A bottom-up model of electricity demand response with a stochastic dynamic programming approach: application to system value of demand response in the European energy crisis

Demand response is anticipated as a key feature of flexibility in renewables-dominated power systems even though high-scale aggregation and integration of demand response have never been implemented. This paper proposes a model of hourly operations during a full year of power systems integrating significant shares of demand response. Attention is given to a bottom-up description of demand response as a flexibility resource. The representation is brought up to a large-scale model of power systems through a hydropower analogy, compatible with a stochastic dual dynamic programming framework. This framework surpasses traditional stochastic dynamic programming ones as it enables the capture of intertemporal arbitrage and the effect of stochastic inputs on different timescales inherent to the operation of demand response affected by social and technical limitations. Yet, such a modeling paradigm has not permeated the study of demand response.

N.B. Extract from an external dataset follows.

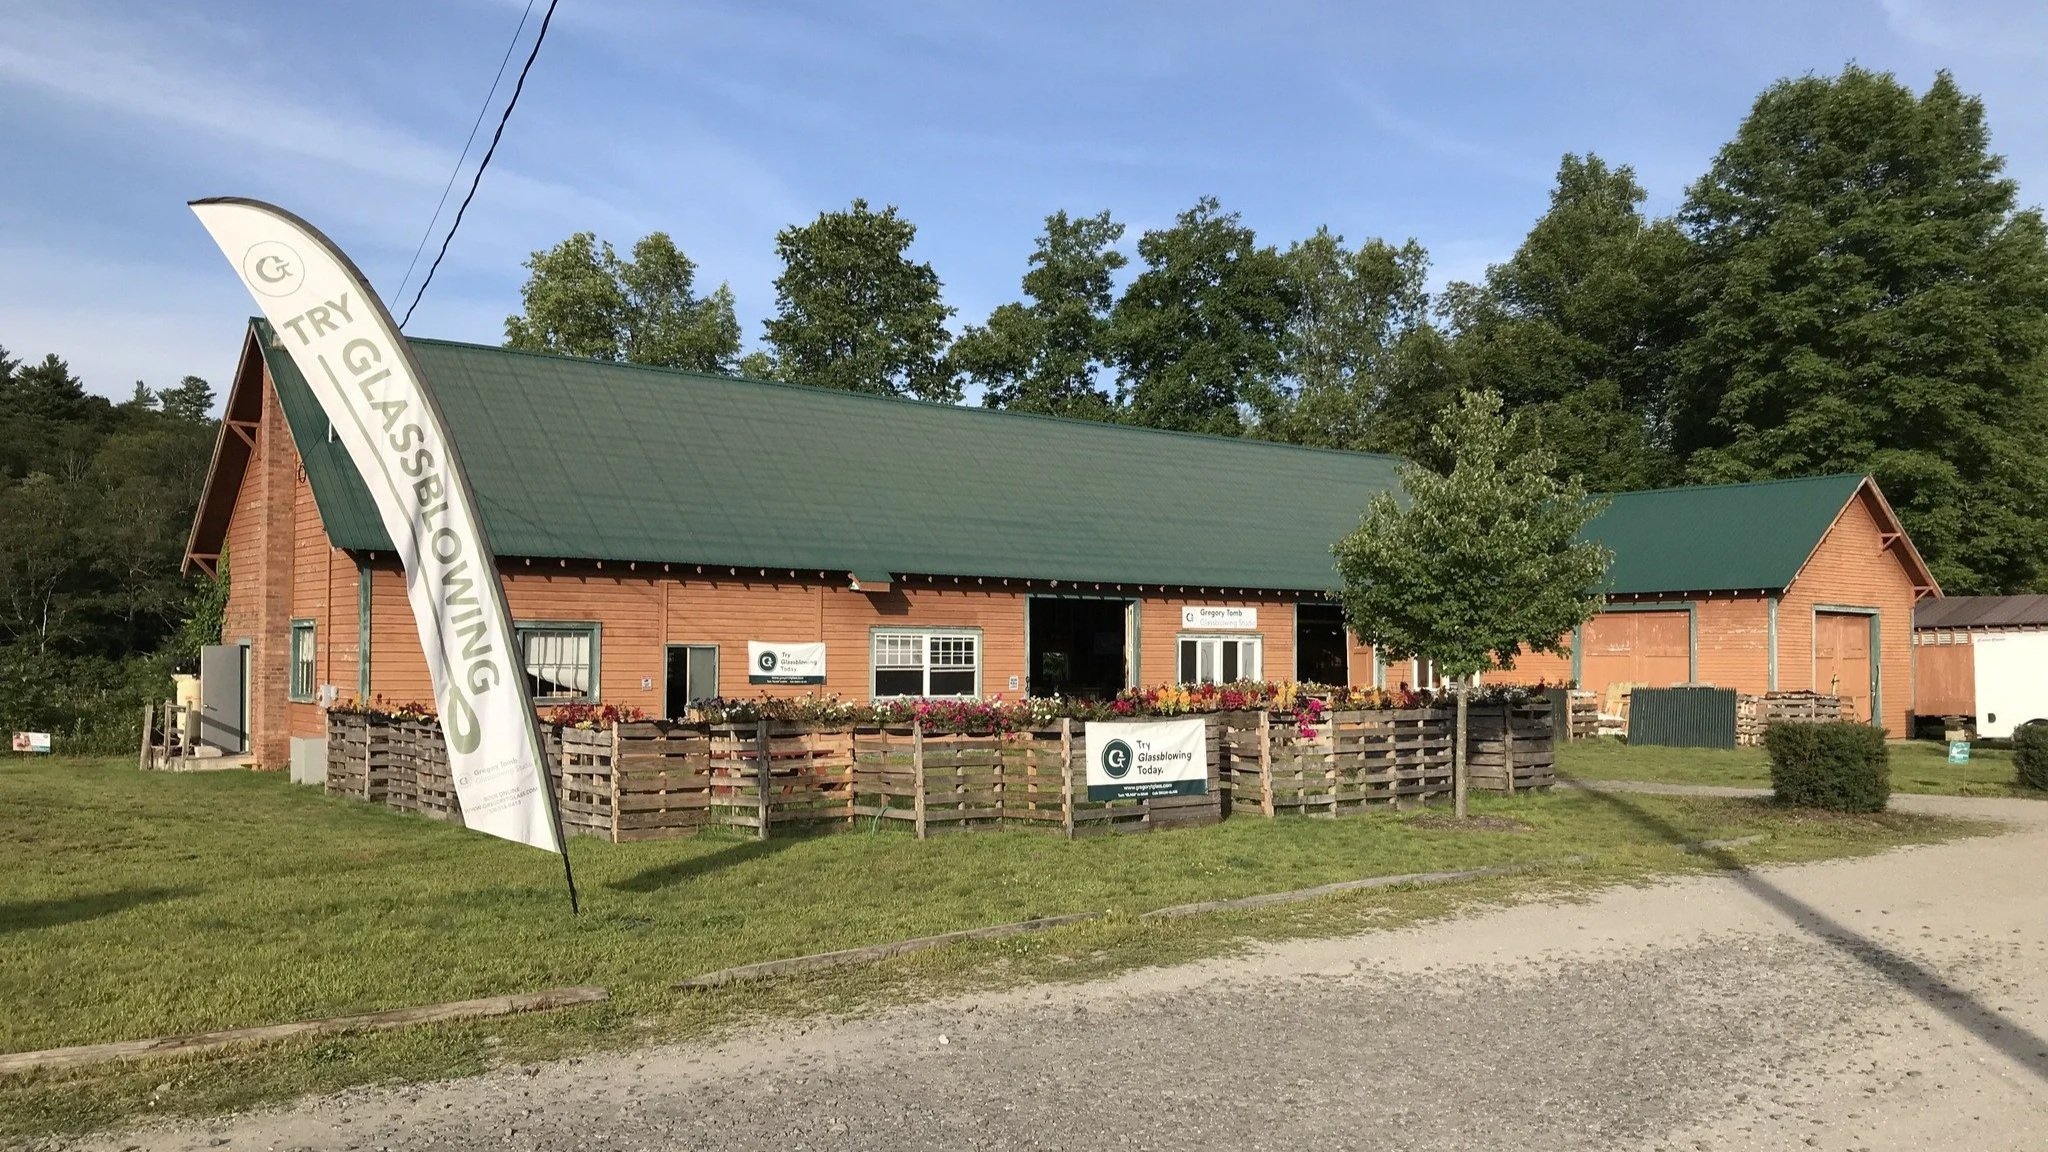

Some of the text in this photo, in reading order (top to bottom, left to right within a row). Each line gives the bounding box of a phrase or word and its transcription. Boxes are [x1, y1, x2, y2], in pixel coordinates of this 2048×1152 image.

Notably, various sources of demand response from all sectors are represented. The model is used to quantify the hypothetical economic and environmental impacts of demand response on day-ahead markets in Western Europe during 2022, a particularly tense year for this power system. Apart from the model itself, a key result is the possible misalignment between a system's need for more flexibility sources and the private interest of an operator of demand response potentials. A cannibalization effect of demand response from the tertiary and the residential sector is also found due to the size of these potentials.